Exercise in exact copying: restate word for word only the lines below from the one containing "Some of the words" through the one containing "this 2156×1725 image.", omitting any pictures.

···

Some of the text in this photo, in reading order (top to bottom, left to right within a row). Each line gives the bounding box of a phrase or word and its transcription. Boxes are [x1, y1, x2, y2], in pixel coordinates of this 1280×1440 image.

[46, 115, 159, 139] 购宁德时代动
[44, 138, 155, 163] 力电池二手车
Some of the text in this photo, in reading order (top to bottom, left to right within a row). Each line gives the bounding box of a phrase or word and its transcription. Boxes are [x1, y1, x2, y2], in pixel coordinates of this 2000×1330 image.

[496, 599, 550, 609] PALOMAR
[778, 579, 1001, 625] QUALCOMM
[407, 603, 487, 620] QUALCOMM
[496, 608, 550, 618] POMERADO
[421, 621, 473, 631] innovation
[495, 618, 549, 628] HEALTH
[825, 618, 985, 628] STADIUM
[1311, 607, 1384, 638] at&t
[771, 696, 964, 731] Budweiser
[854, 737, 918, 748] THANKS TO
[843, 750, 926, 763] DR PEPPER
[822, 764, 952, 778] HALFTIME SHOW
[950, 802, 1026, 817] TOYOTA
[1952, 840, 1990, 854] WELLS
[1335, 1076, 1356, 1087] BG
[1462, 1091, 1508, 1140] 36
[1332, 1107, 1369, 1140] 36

···

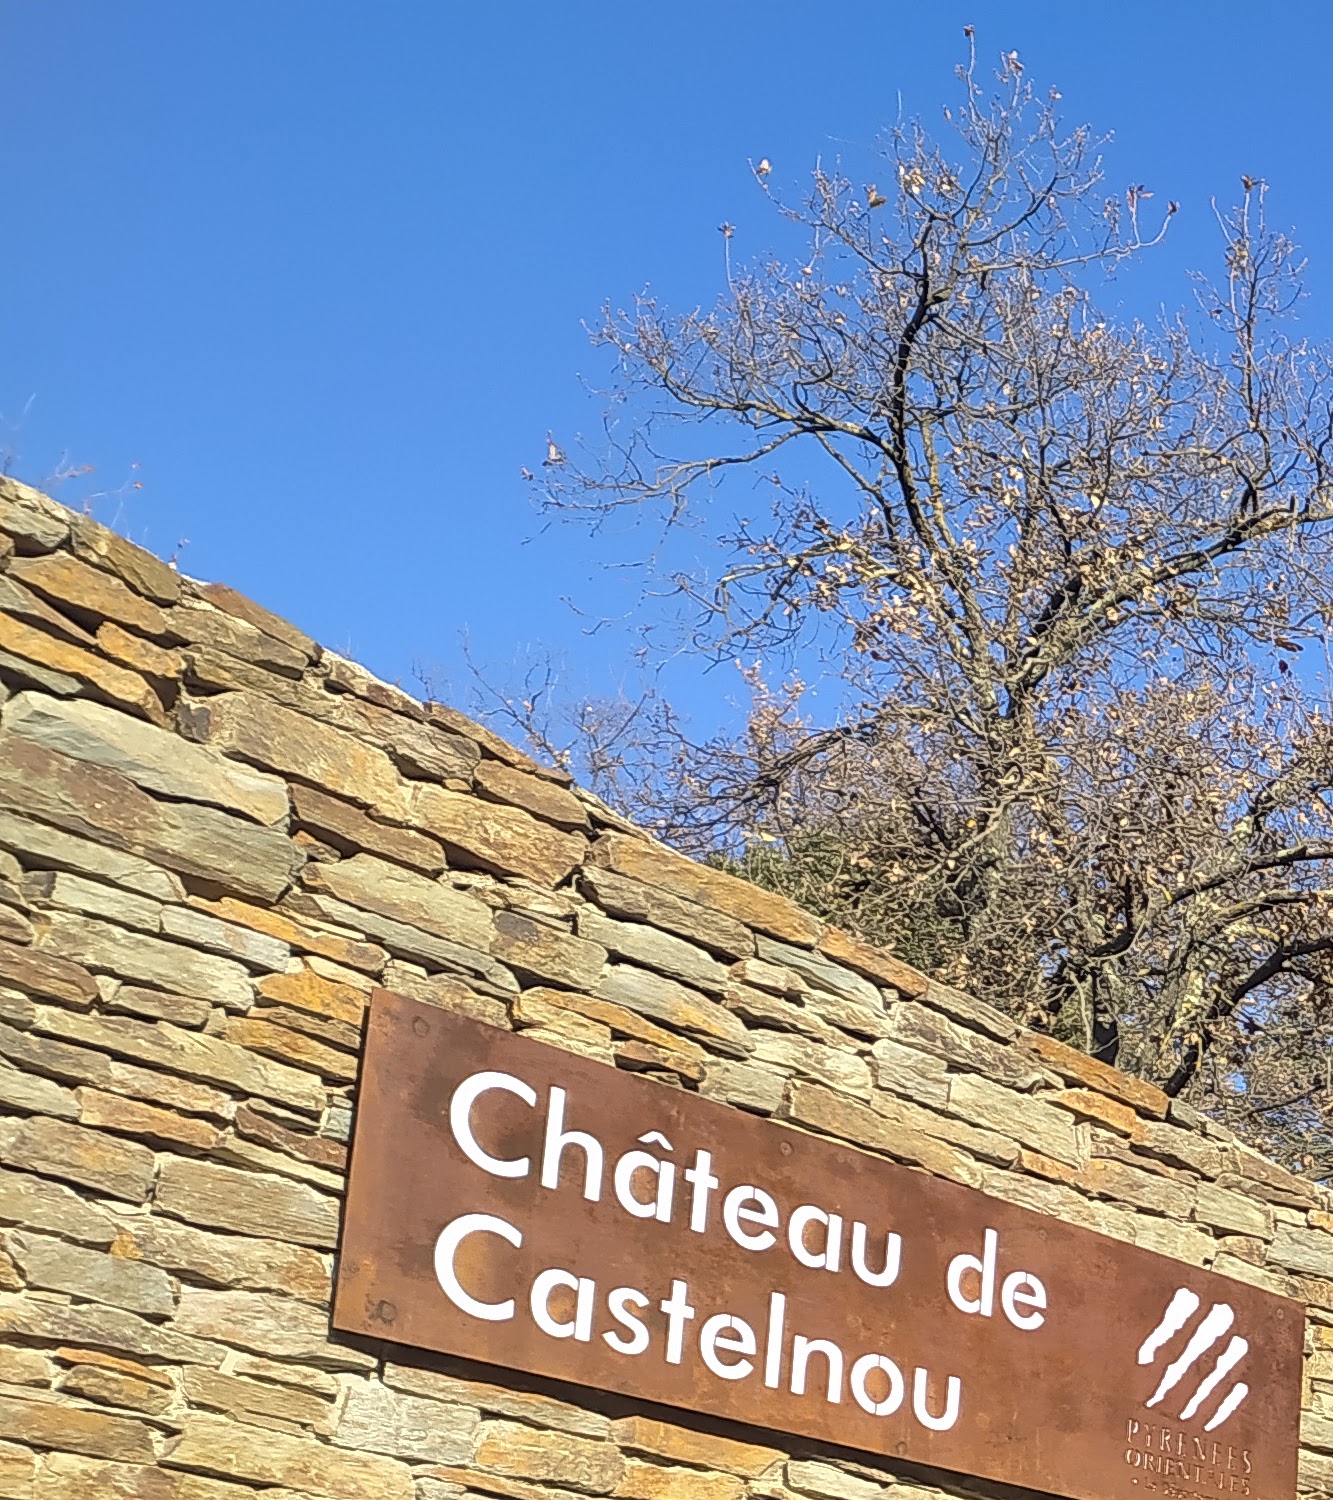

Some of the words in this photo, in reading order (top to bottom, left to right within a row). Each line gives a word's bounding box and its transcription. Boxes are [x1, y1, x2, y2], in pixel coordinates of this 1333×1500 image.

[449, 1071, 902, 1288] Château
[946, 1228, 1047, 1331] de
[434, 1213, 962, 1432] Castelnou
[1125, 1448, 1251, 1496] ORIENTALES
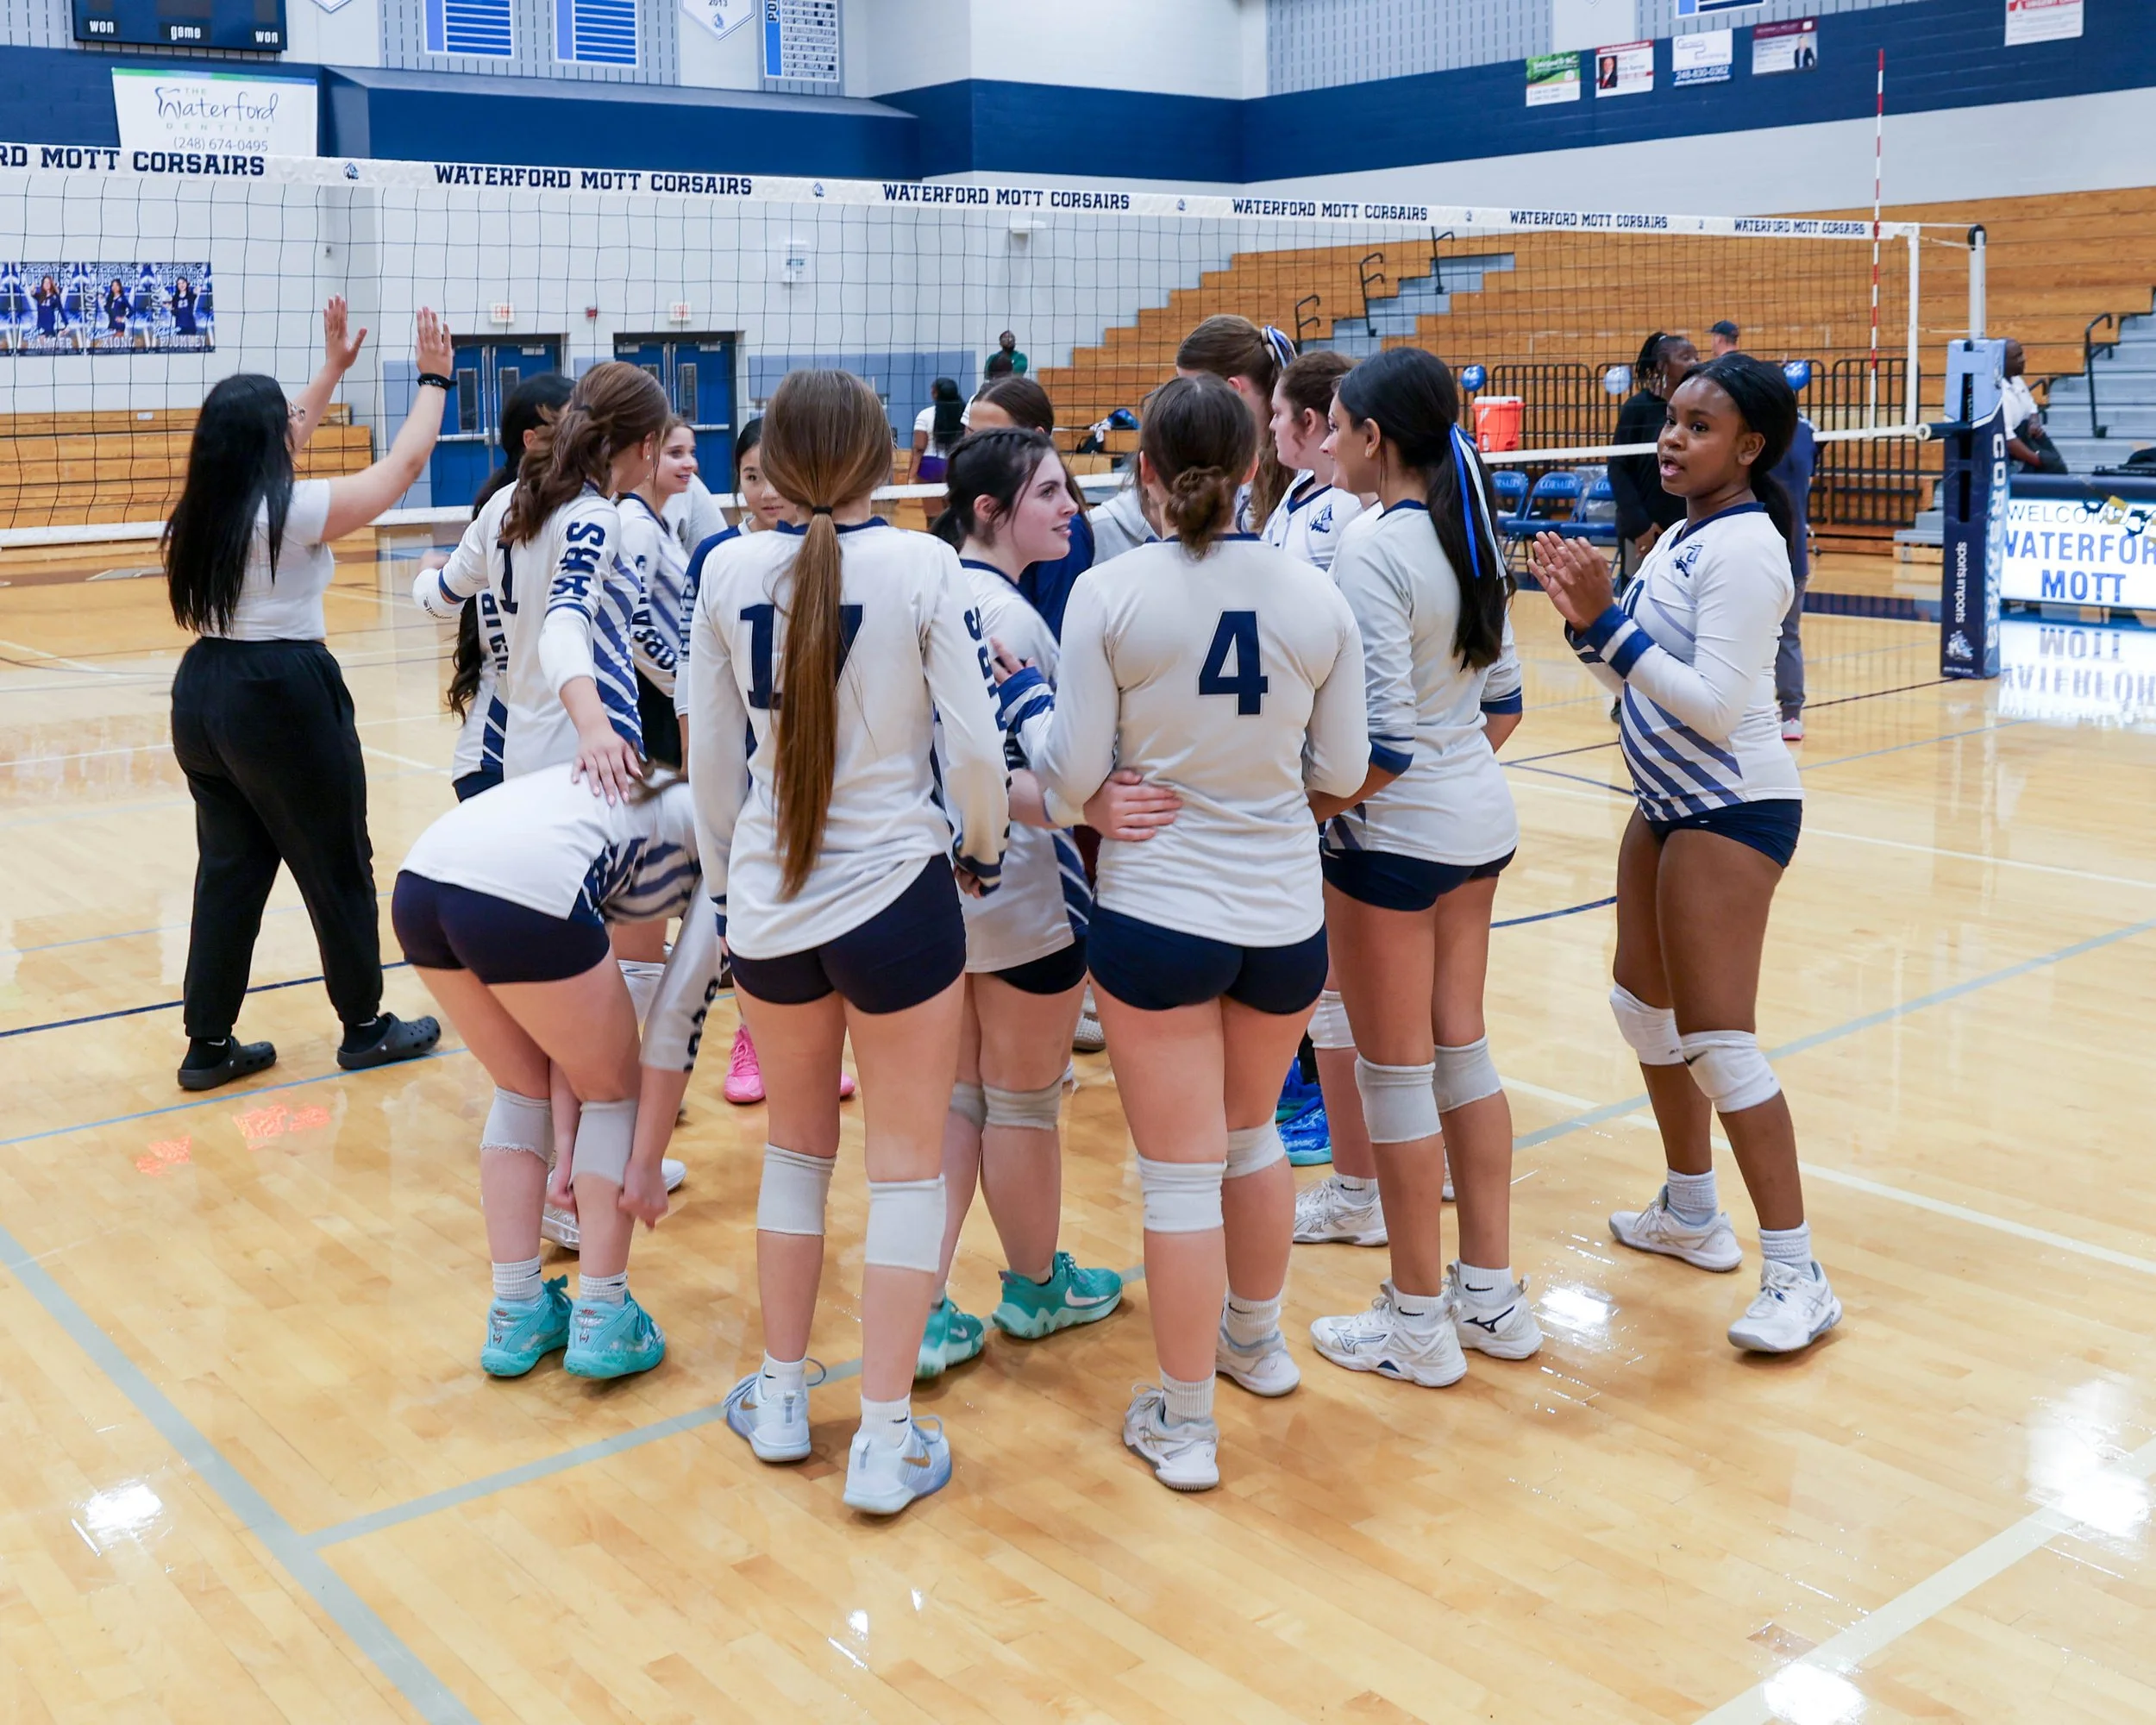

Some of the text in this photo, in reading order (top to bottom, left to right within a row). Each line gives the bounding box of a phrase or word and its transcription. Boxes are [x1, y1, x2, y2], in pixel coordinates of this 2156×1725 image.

···

__WRITTEN SOLUTION__
Some of the words in this photo, in reading order (top to bottom, left to right within a row). Each line gives a word's bounding box and its transcription. Boxes are [x1, y1, x2, y2], in pixel coordinates of this 1333×1500 image.

[449, 1071, 902, 1288] Château
[946, 1228, 1047, 1331] de
[434, 1213, 962, 1432] Castelnou
[1125, 1448, 1251, 1496] ORIENTALES

Some of the text in this photo, in reading order (top to bottom, left to right within a row). Each line gives the bounding box of a phrase or word and its transcription. Boxes are [x1, y1, x2, y2], in pixel coordinates of this 2156×1725 image.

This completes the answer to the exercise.